__The problem__
The records below must be written out exactly, with every picture left behind.

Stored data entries

________________________

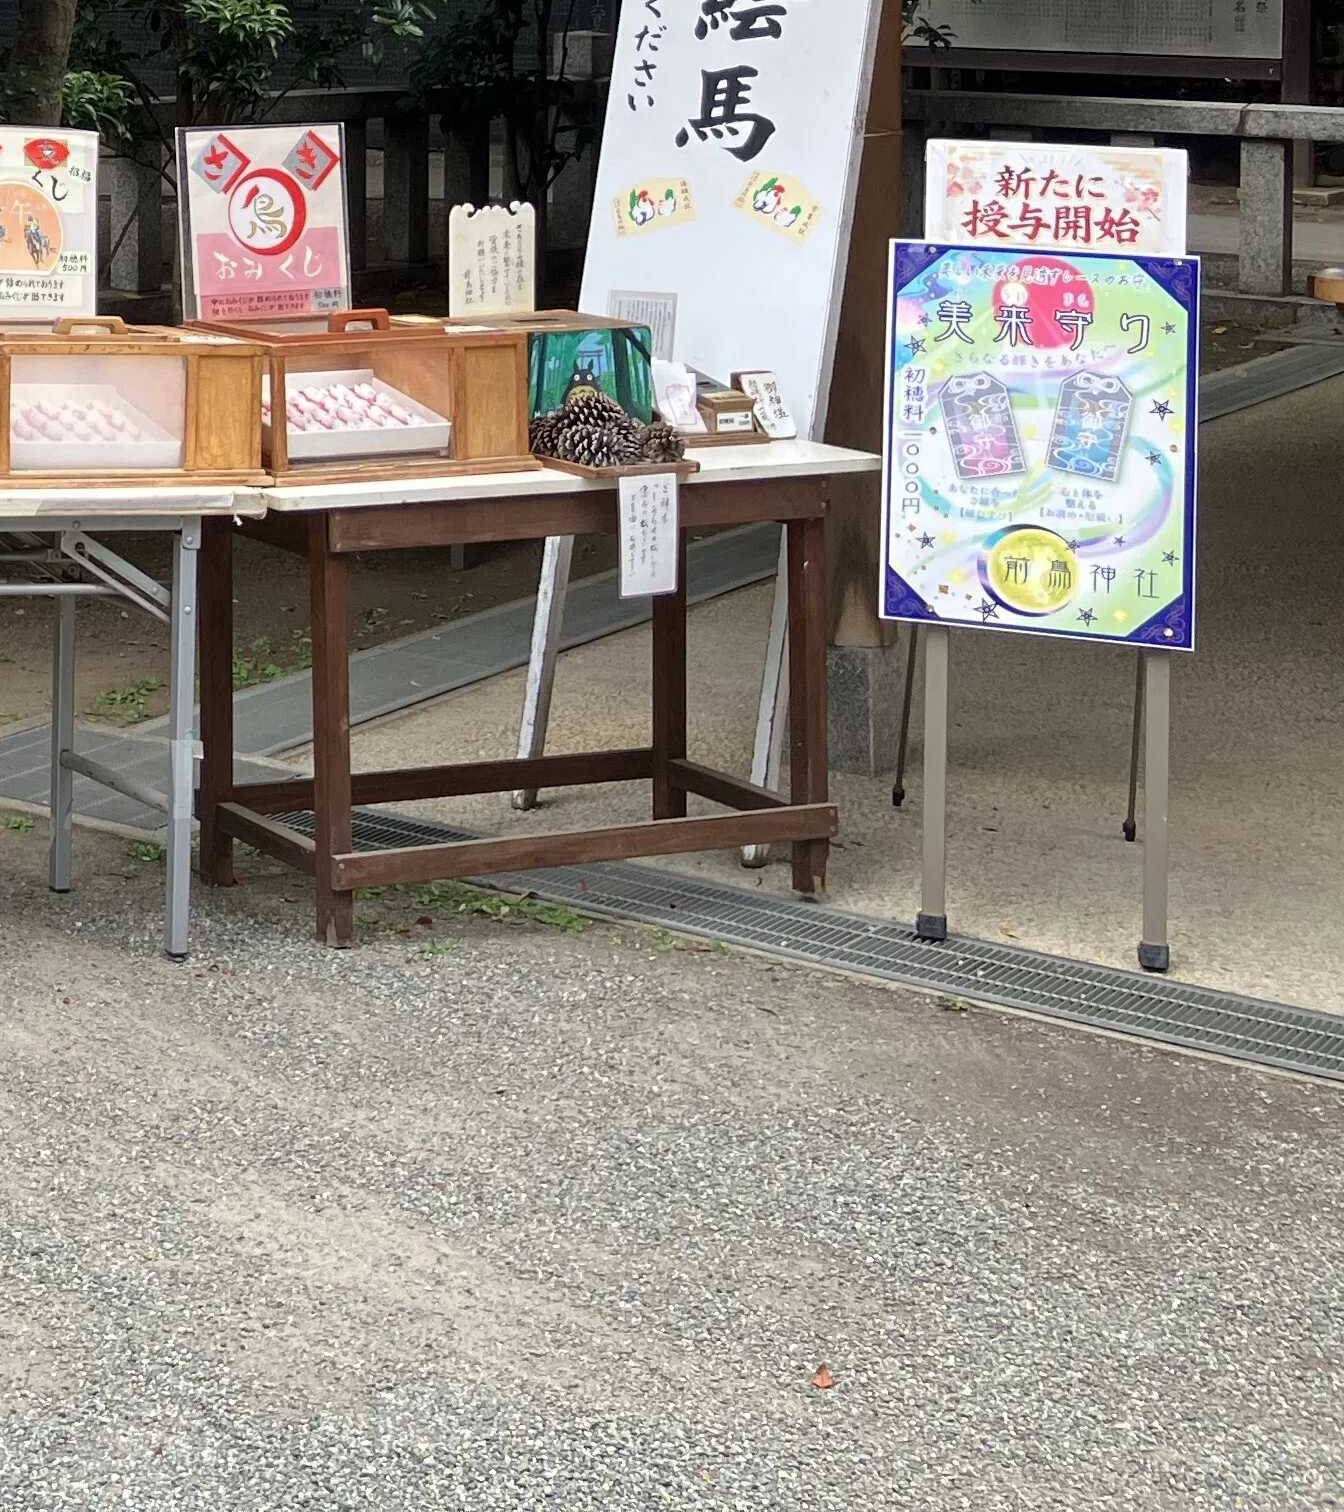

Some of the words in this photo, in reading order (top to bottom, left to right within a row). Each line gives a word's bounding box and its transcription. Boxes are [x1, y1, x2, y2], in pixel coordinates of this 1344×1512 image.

[995, 165, 1105, 199] 新たに
[962, 199, 1142, 245] 授与開始
[213, 246, 323, 281] おみくじ
[935, 299, 1150, 354] 美来守り
[904, 367, 926, 421] 初穂料
[1003, 554, 1159, 600] 前鳥神社

________________________

__Task answer__
Some of the words in this photo, in reading order (top to bottom, left to right within a row). Each line gives a word's bounding box and its transcription. Boxes are [x1, y1, x2, y2], in pixel coordinates of this 1344×1512 image.

[995, 165, 1105, 199] 新たに
[962, 199, 1142, 245] 授与開始
[213, 246, 323, 281] おみくじ
[935, 299, 1150, 354] 美来守り
[904, 367, 926, 421] 初穂料
[1003, 554, 1159, 600] 前鳥神社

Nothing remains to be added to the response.